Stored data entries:
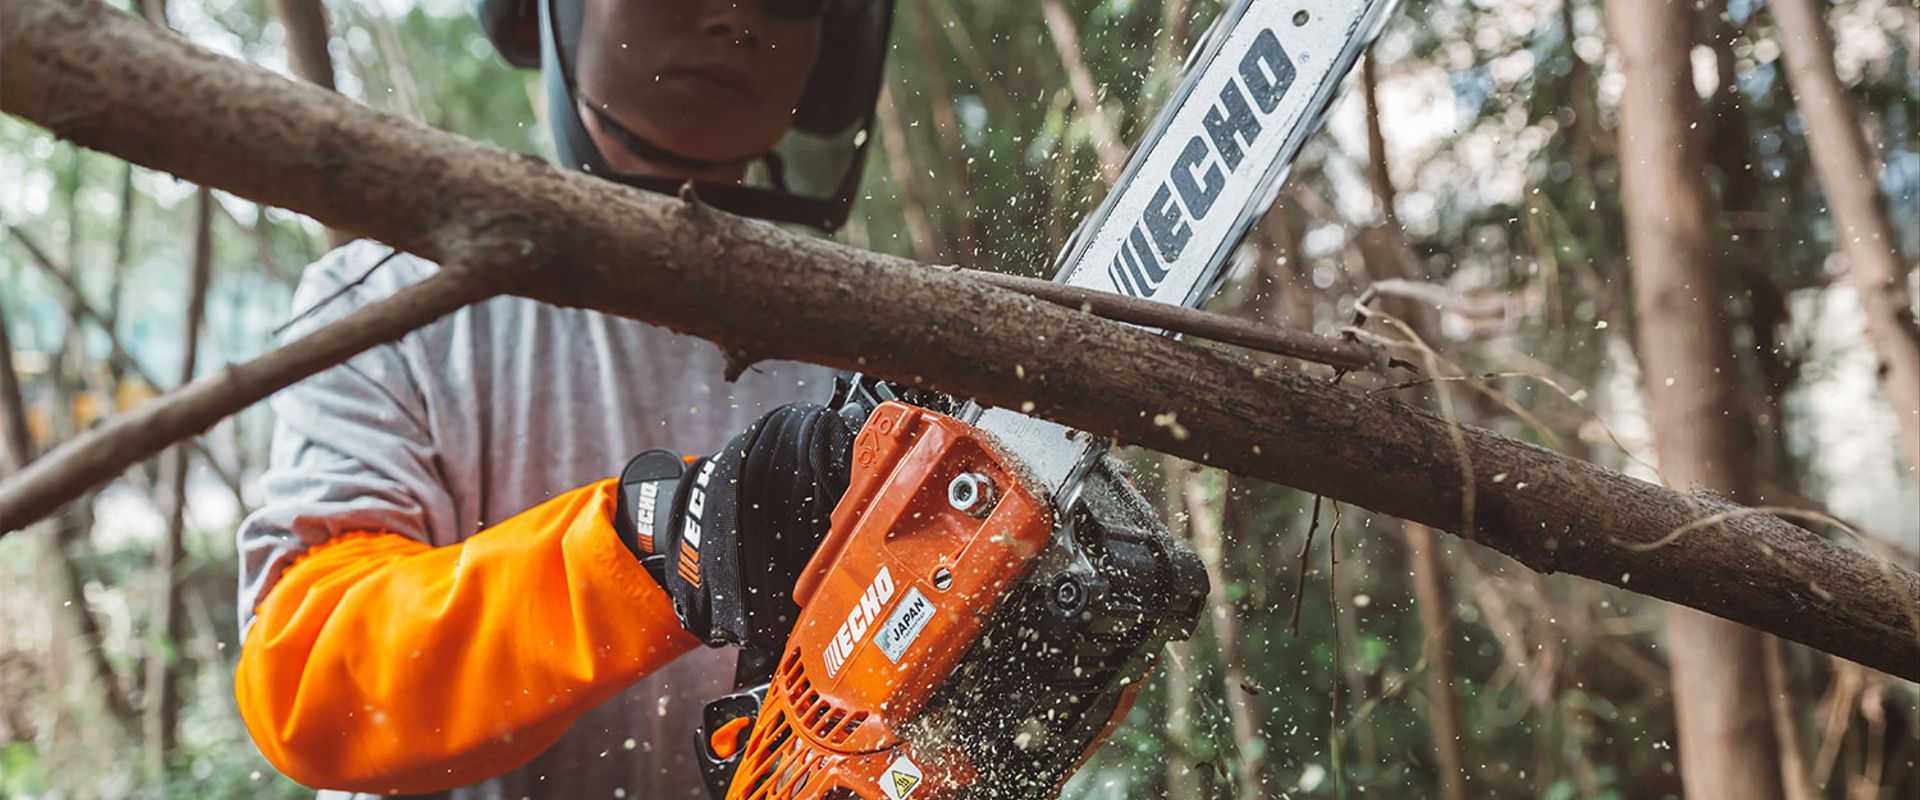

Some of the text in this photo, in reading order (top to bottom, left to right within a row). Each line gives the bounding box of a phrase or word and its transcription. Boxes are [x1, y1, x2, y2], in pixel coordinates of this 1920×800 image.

[1143, 28, 1297, 263] ECHO
[637, 481, 658, 537] ECHO
[836, 565, 895, 657] ECHO
[892, 597, 925, 642] JAPAN

Task goal:
Repeat the records above exactly, omitting every picture.

Written reply:
Some of the text in this photo, in reading order (top to bottom, left to right within a row). Each line gives the bounding box of a phrase or word and its transcription. Boxes are [x1, y1, x2, y2], in pixel coordinates of this 1920×800 image.

[1143, 28, 1297, 263] ECHO
[637, 481, 658, 537] ECHO
[836, 565, 895, 657] ECHO
[892, 597, 925, 642] JAPAN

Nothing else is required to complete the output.